━━ Records supplied
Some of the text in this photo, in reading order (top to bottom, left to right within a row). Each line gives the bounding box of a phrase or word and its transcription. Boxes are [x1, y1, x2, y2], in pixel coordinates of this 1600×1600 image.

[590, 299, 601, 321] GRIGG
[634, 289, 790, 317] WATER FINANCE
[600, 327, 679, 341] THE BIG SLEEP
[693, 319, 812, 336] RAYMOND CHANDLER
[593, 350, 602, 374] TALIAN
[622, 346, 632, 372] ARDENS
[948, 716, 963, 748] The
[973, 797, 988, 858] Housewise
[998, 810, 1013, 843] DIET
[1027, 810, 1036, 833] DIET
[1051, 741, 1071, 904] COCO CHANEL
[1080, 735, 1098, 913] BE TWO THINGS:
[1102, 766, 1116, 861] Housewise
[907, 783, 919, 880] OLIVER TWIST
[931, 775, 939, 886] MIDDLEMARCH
━━━━
> Your goal
Could you type out every entry again exactly as it stands?

> Answer section
Some of the text in this photo, in reading order (top to bottom, left to right within a row). Each line gives the bounding box of a phrase or word and its transcription. Boxes are [x1, y1, x2, y2], in pixel coordinates of this 1600×1600 image.

[590, 299, 601, 321] GRIGG
[634, 289, 790, 317] WATER FINANCE
[600, 327, 679, 341] THE BIG SLEEP
[693, 319, 812, 336] RAYMOND CHANDLER
[593, 350, 602, 374] TALIAN
[622, 346, 632, 372] ARDENS
[948, 716, 963, 748] The
[973, 797, 988, 858] Housewise
[998, 810, 1013, 843] DIET
[1027, 810, 1036, 833] DIET
[1051, 741, 1071, 904] COCO CHANEL
[1080, 735, 1098, 913] BE TWO THINGS:
[1102, 766, 1116, 861] Housewise
[907, 783, 919, 880] OLIVER TWIST
[931, 775, 939, 886] MIDDLEMARCH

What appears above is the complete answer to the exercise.